Plenty to wade through with this one, so I'll try to whistle through my points.
The Kassam Stadium had a very difficult birth. So many sides coincide their move to a new stadium during a period of renewal and going in the right direction - Brighton, Reading, Brentford to name a few. We on the other hand struggled to get the new stadium finished and the final few years of it being built - 1997 to 2001 - were awful for the club. Only diehards hung around for the last season at the Manor during 2000-01 because things were so bad. Without any form of team bounce, a generation of new fans was possibly lost which is a real shame. Any newbies that did latch on would have had to have strong stomachs to muster the early KasStad years too - football played by teams managed by Mark Wright, Ian Atkins (pragmatic, budget constrained and the only manager to generate anything resembling success under FK's time as chairman but dull), Graham Rix and Brian Talbot were hardly going to get the pulses racing. We missed a trick massively there.
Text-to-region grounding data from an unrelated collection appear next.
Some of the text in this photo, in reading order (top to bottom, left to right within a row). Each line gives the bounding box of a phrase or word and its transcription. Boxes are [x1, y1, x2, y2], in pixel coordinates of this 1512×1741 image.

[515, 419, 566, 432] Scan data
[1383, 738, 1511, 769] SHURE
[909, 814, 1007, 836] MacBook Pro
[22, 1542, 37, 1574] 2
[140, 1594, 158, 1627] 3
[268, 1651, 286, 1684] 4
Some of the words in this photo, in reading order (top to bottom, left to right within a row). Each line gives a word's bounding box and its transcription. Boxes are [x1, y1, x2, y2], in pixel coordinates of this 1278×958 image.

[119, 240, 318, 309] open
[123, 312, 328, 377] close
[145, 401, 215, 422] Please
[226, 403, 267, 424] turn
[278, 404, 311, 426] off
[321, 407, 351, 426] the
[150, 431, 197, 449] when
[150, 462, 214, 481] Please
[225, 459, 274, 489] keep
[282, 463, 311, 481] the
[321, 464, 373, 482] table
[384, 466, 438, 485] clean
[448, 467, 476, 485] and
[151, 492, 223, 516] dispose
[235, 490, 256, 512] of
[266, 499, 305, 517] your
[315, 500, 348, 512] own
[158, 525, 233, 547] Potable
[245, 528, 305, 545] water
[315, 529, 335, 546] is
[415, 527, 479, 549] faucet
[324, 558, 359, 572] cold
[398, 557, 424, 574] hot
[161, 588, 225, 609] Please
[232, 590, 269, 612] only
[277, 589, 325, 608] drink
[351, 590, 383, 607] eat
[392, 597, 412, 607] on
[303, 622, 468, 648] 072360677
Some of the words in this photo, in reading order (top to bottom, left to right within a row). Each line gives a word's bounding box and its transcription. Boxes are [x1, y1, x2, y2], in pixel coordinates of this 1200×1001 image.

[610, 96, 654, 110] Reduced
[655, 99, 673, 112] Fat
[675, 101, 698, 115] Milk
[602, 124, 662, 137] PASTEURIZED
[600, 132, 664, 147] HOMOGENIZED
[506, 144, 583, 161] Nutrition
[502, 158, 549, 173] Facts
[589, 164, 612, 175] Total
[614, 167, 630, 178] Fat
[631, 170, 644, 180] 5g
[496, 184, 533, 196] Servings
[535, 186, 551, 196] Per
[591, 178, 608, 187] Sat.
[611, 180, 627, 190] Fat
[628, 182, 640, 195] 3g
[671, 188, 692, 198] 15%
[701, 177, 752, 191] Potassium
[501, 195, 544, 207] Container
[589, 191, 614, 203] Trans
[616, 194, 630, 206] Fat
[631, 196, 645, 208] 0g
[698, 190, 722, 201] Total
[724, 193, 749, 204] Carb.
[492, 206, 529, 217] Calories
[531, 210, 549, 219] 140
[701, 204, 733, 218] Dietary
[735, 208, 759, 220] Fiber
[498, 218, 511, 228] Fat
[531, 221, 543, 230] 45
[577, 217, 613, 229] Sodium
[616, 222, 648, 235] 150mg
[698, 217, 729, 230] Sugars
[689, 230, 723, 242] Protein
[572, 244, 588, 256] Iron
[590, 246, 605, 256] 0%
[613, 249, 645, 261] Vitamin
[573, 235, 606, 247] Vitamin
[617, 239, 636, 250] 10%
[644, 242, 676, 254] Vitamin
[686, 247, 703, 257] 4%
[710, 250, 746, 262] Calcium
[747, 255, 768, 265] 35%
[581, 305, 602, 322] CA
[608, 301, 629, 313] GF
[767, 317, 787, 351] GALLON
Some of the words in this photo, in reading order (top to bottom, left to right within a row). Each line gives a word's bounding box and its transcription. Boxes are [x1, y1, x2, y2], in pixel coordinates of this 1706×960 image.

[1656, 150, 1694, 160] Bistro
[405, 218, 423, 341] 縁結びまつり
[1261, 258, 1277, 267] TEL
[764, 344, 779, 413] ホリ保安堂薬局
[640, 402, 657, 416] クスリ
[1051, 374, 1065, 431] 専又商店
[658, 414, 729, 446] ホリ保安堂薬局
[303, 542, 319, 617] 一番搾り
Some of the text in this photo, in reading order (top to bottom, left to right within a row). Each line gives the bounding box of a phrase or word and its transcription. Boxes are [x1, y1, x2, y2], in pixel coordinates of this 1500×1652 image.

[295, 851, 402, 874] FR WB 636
If I was an away fan, Oxford United would not be a particularly inspiring away trip either. Far from the city centre, no walkable train station nearby, car parking problems, the three stands aspect, the lost atmosphere as there's no much space between pitch and stands, no pubs and sparse concourses. There's hardly a bad view to be had at the Kassam which does work in its favour, but there are plenty of better places to watch football. We have to contend with that every week. It's a poorly designed ground. Let's hope a new stadium can at least have the matchday experience in mind for when it (hopefully) emerges soon.
I'm not as melancholy as
@Ox4Eva when it comes to out attendances - we're a better supported team at the Kassam than at the Manor. Compare two promotion campaigns. In 1995-96, our average attendance was 5709. In 2015-16, it was 7289. Sure there are many mitigating factors but football has evolved so despite the complaints that our attendances aren't all that, they're 1. moving in the right direction and 2. are representative of us as a League 1 club. They'd be big crowds for League 2, tiny for the Championship, about right for League 1. Lo and behold - that's where we are. There is a finite support for Oxford United - we're never going to be Manchester United or Liverpool. We won't ever even be Derby County or Preston North End. We can, however, be a Bournemouth (who I regard as a contemporary like Swindon, Blackpool and Peterborough - clubs who scream League 1), Brentford or Reading with the right push. Football attracts far wider reaching demographics nowadays - more families, more diverse crowds, old and young. We're the only fully professional club in the county and should celebrate that.
We're doing fine. Sure, a sellout every week would be great but if KR keeps delivering decent football and the prospect of something new and shiny is on the horizon, let's celebrate the rise in attendances despite the evident problems the KasStad brings.